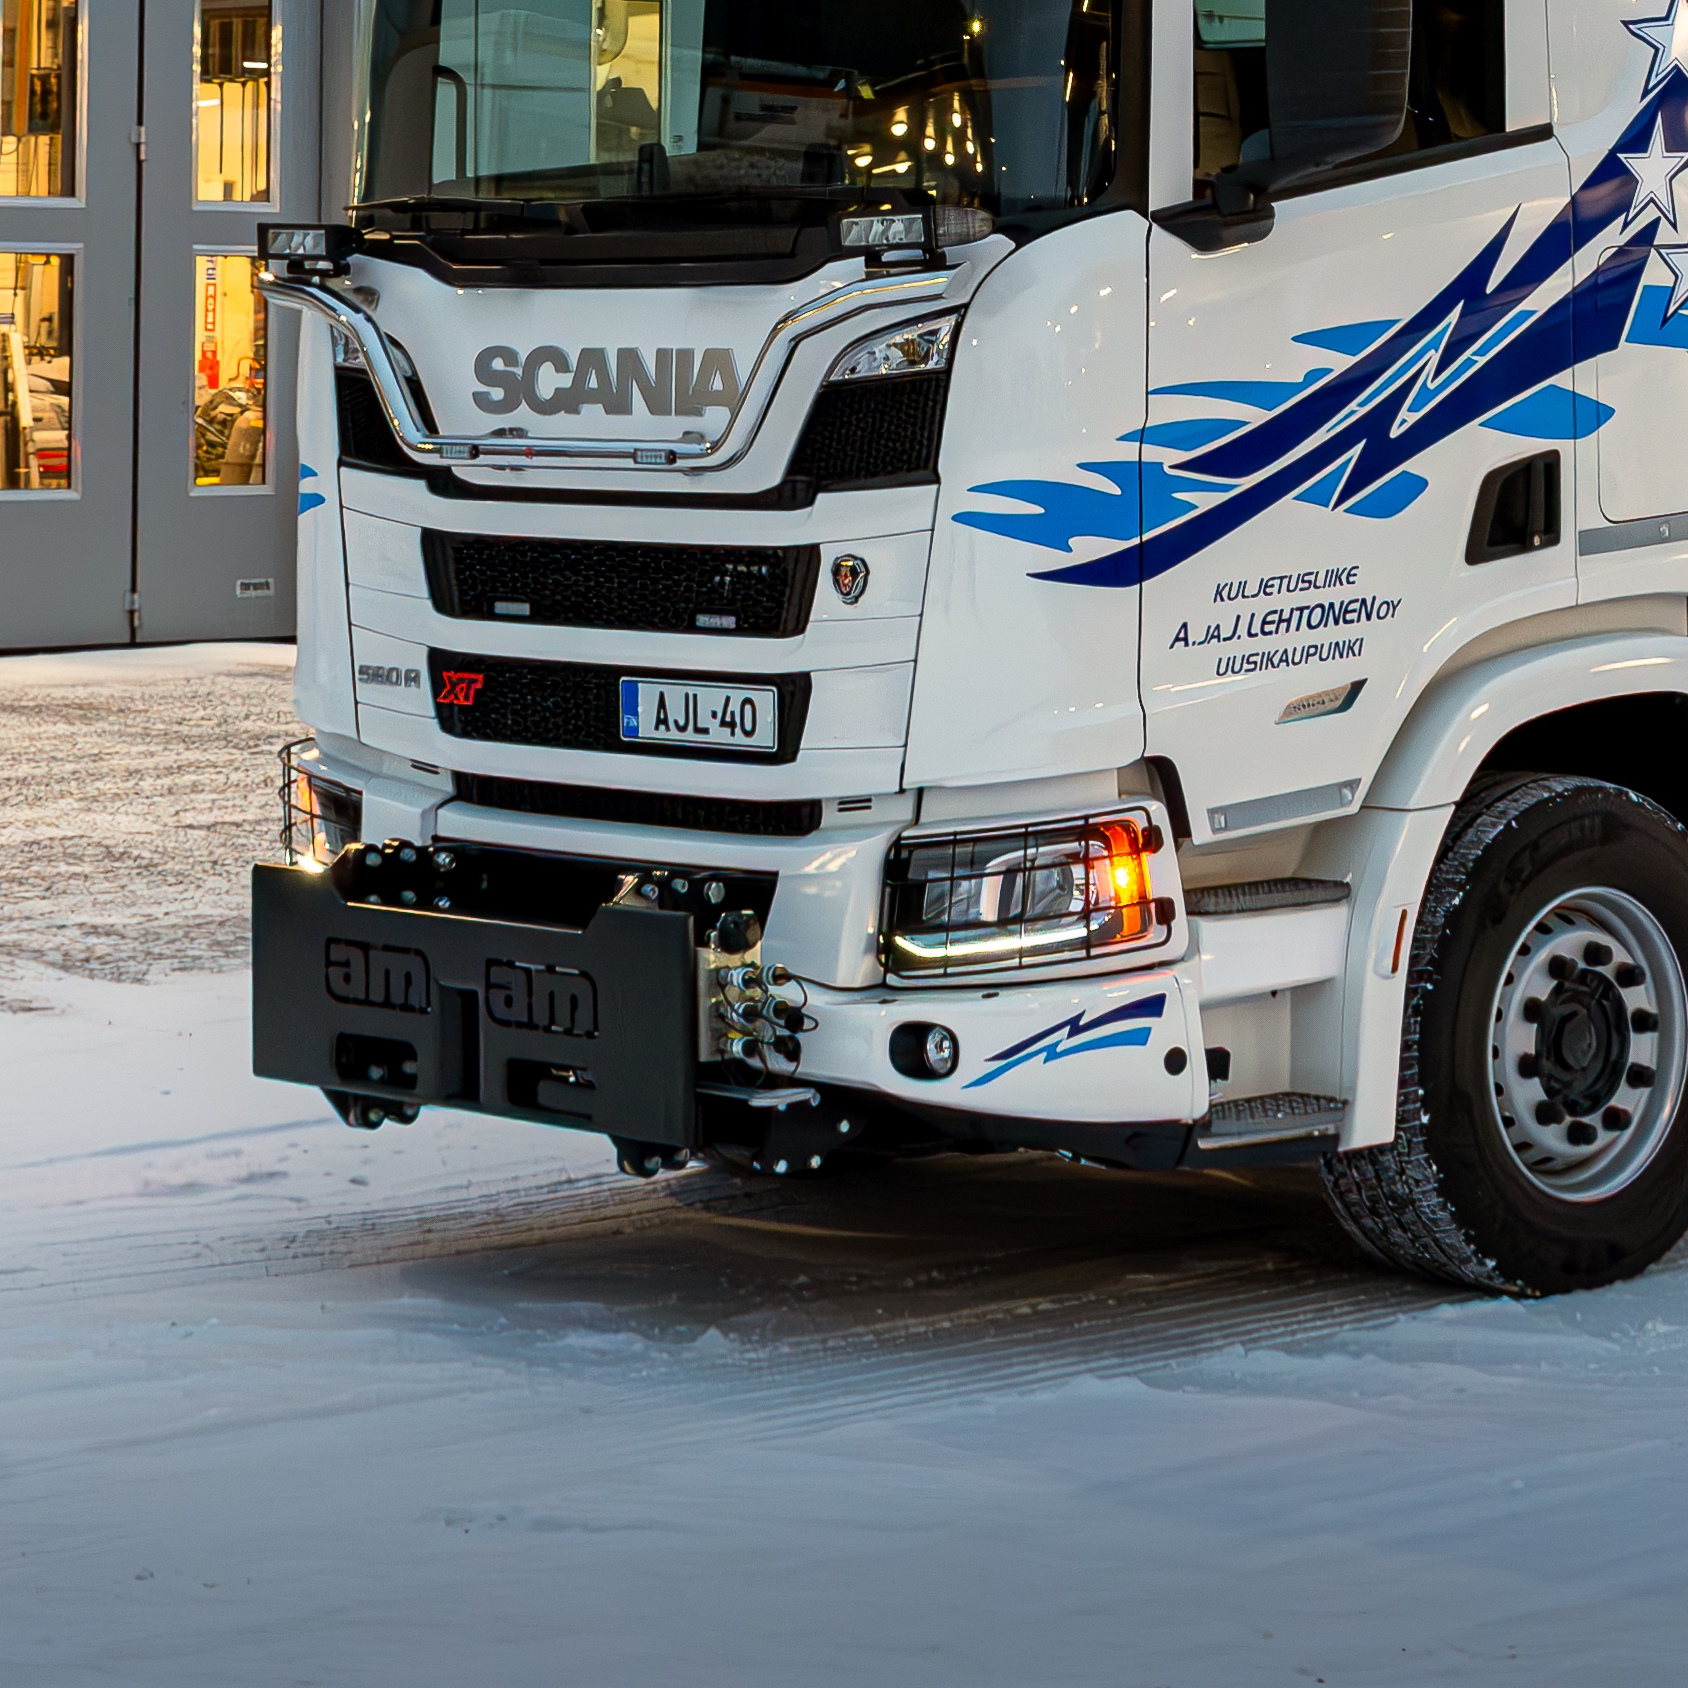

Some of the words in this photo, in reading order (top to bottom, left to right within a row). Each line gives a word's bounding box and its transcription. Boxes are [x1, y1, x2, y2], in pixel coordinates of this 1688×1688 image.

[472, 344, 742, 417] SCANIA
[1213, 565, 1360, 604] KULJETUSLIIKE
[1246, 595, 1377, 639] LEHTONEN
[1377, 598, 1403, 621] OY
[1215, 637, 1364, 677] UUSIKAUPUNKI
[437, 671, 484, 705] XT
[653, 690, 757, 739] AJL-40
[325, 937, 431, 1014] am
[485, 957, 600, 1039] am

★ ★ ★ ★

What is required
Give the listing again in full, exactly as it is, but without its images.

Expected answer
Some of the words in this photo, in reading order (top to bottom, left to right within a row). Each line gives a word's bounding box and its transcription. Boxes are [x1, y1, x2, y2], in pixel coordinates of this 1688×1688 image.

[472, 344, 742, 417] SCANIA
[1213, 565, 1360, 604] KULJETUSLIIKE
[1246, 595, 1377, 639] LEHTONEN
[1377, 598, 1403, 621] OY
[1215, 637, 1364, 677] UUSIKAUPUNKI
[437, 671, 484, 705] XT
[653, 690, 757, 739] AJL-40
[325, 937, 431, 1014] am
[485, 957, 600, 1039] am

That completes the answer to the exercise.